Confira a manifestação do ministro: 

 

CONTEXTO DA FALA
O decano do STF se manifesta em um momento de articulação do governo federal para conter o avanço das chamadas "pautas-bomba". No jargão político e econômico brasileiro, o termo "pauta-bomba" é usado para um conjunto de projetos de lei (PL's), propostas de emenda à Constituição (PECs) ou medidas que geram um impacto financeiro altamente negativo e imprevisto nas contas públicas. 

 

Com os recentes avanços na CCJ (Comissão de Constituição e Justiça do Senado), o Bahia Notícias mostrou que a PEC 14/2021, que concede aposentadoria integral e com paridade a agentes comunitários de saúde e de combate a endemias a de servidores públicos, é vista como pauta-bomba para o governo Lula. 

 

O próprio ministro da Fazenda, Dario Durigan, teve uma reunião com o presidente do Senado, Davi Alcolumbre (União), na residência oficial da Presidência do Senado, para tentar conter projetos que, segundo estimativas da equipe econômica, podem gerar um impacto de R$ 276 bilhões.

 

Sem citar propostas específicas em análise pelos parlamentares, Gilmar Mendes ressaltou que a Constituição Federal exige a apresentação prévia de estimativas de impacto orçamentário e financeiro para qualquer projeto que estabeleça despesas obrigatórias ou benefícios fiscais.

 

Foto: Saulo Cruz / Agência Senado

 

A PEC 14/2021, que segue agora para o plenário do Senado com pedido de calendário especial de tramitação formulado pelo presidente da CCJ, o baiano Otto Alencar (PSD), estabelece que a aposentadoria integral por idade para a categoria será de 57 anos para mulheres e 60 anos para homens, exigindo-se 25 anos de contribuição e de atividade na área.

 

O texto aprovado cria uma regra de transição escalonada até 2041 para os profissionais que já estão em atividade na data de promulgação da futura emenda. De acordo com o ministro, a aprovação de gastos sem a devida indicação de custos e fontes de custeio abre margem para a invalidação das normas pelo STF.

 

"Ou seja, o Congresso precisa demonstrar quanto custa e de onde sai o dinheiro previamente à aprovação de novos gastos.
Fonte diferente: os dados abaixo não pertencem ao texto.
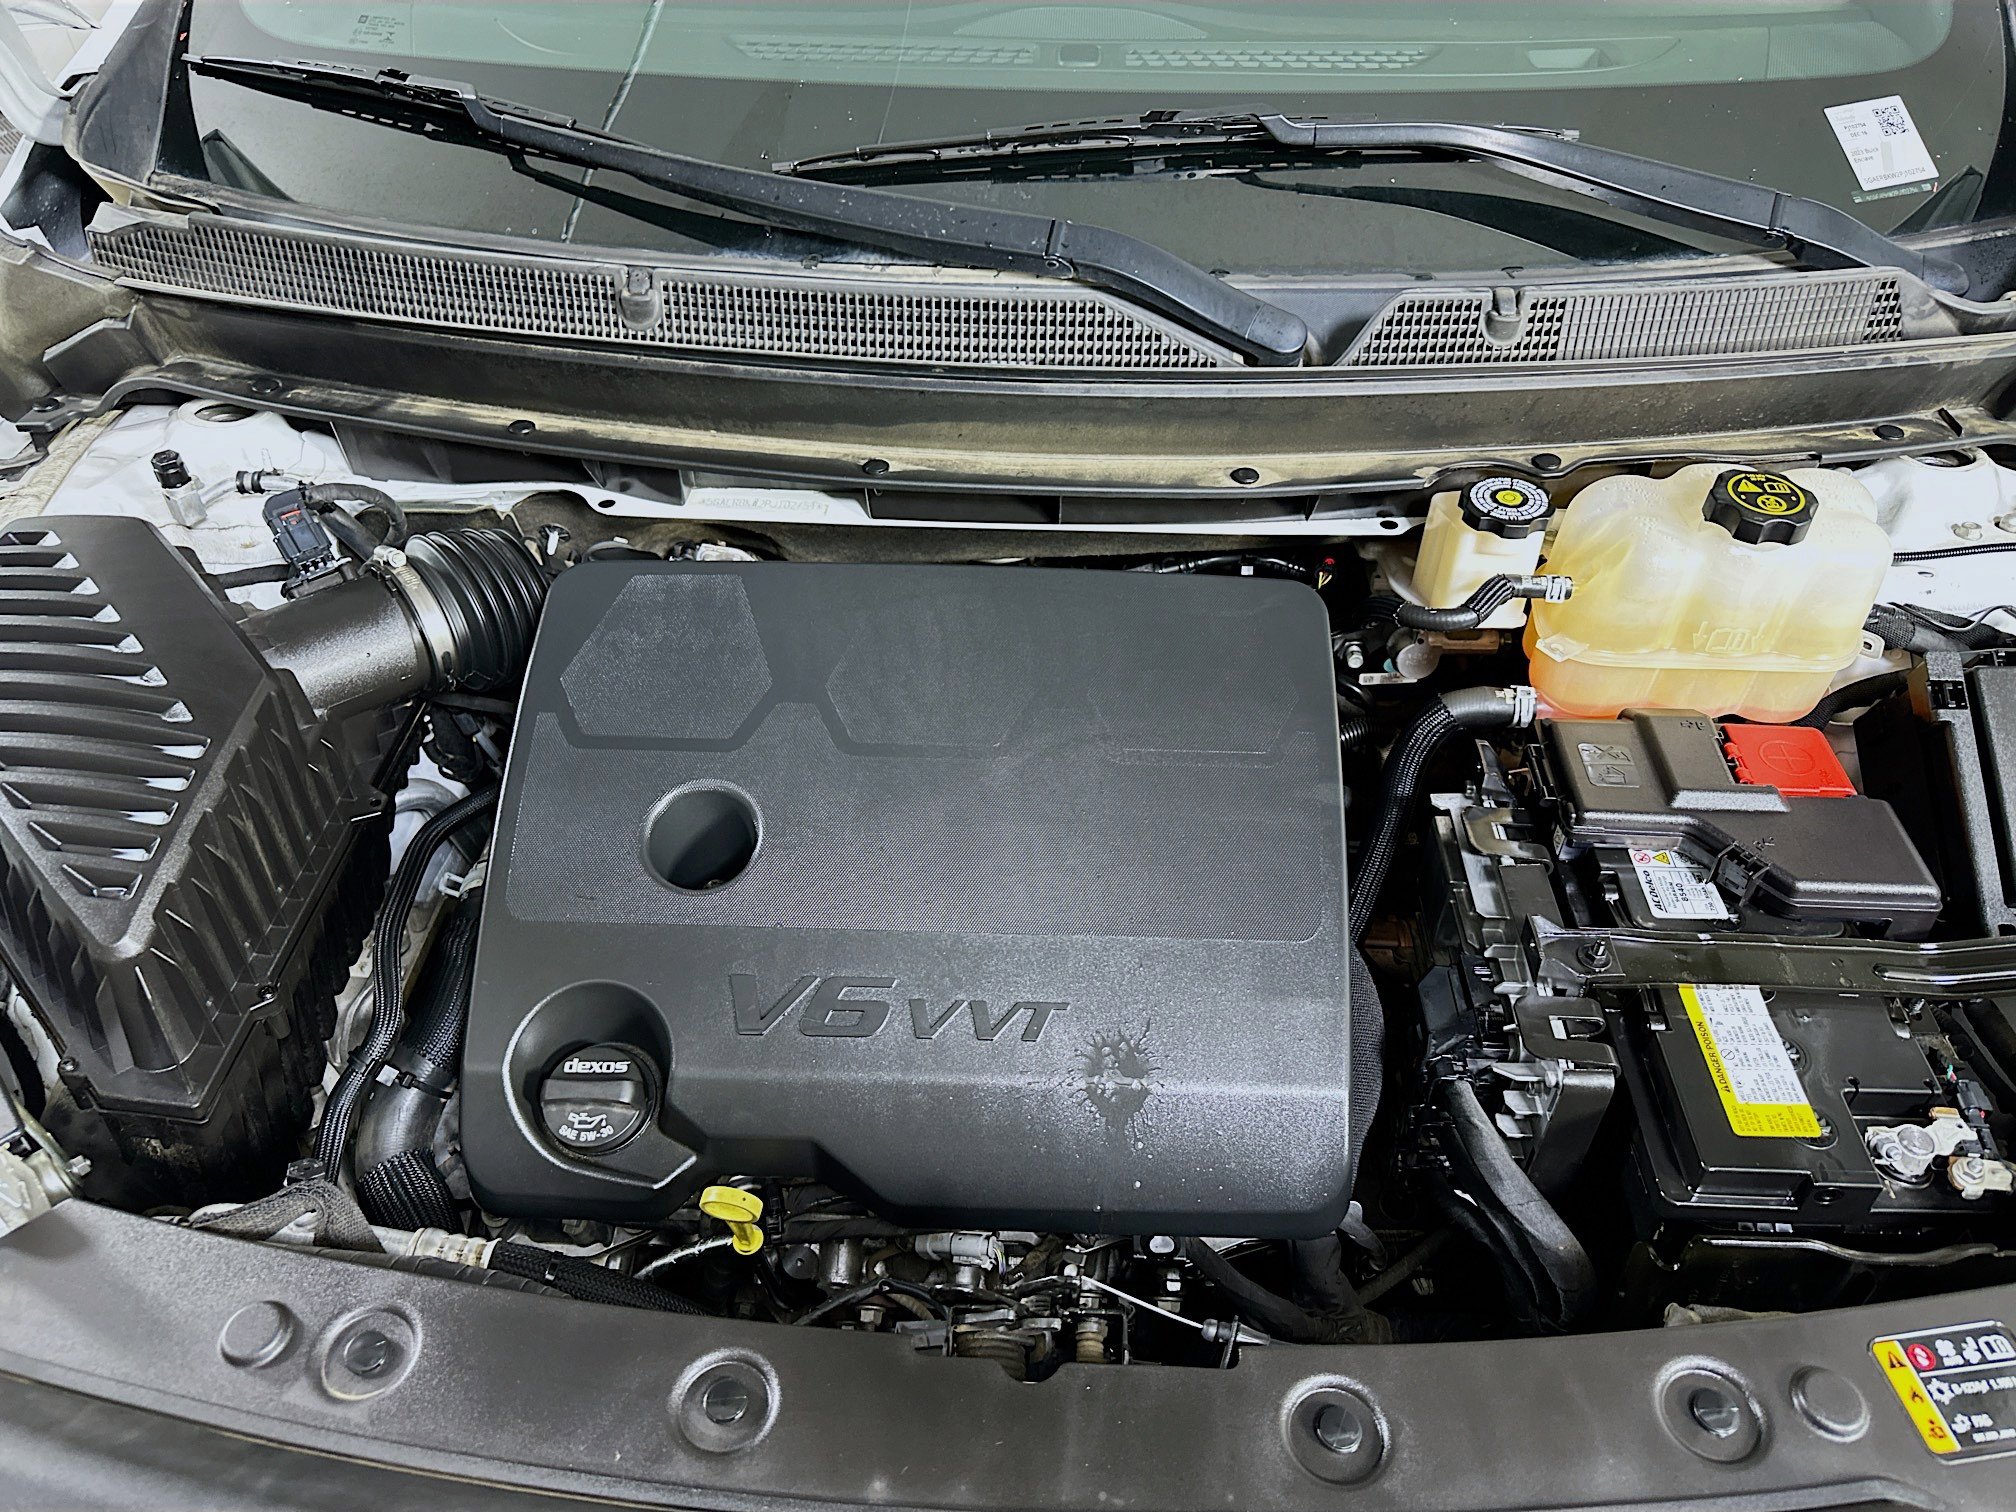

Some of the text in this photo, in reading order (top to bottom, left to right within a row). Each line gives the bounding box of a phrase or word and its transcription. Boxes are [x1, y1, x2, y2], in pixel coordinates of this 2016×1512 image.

O STF possui jurisprudência pacífica sobre o tema: a ausência desses estudos prévios gera a inconstitucionalidade da medida legislativa", alega o ministro.

 

Gilmar completou, relembrando a necessidade de blindar as contas públicas contra pressões políticas conjunturais. "É preciso, pois, ter responsabilidade fiscal e fidelidade à Constituição, evitando-se a criação de despesas casuísticas em inobservância às regras postas, o que pode gerar a invalidação da medida e, portanto, sua ineficácia", conclui.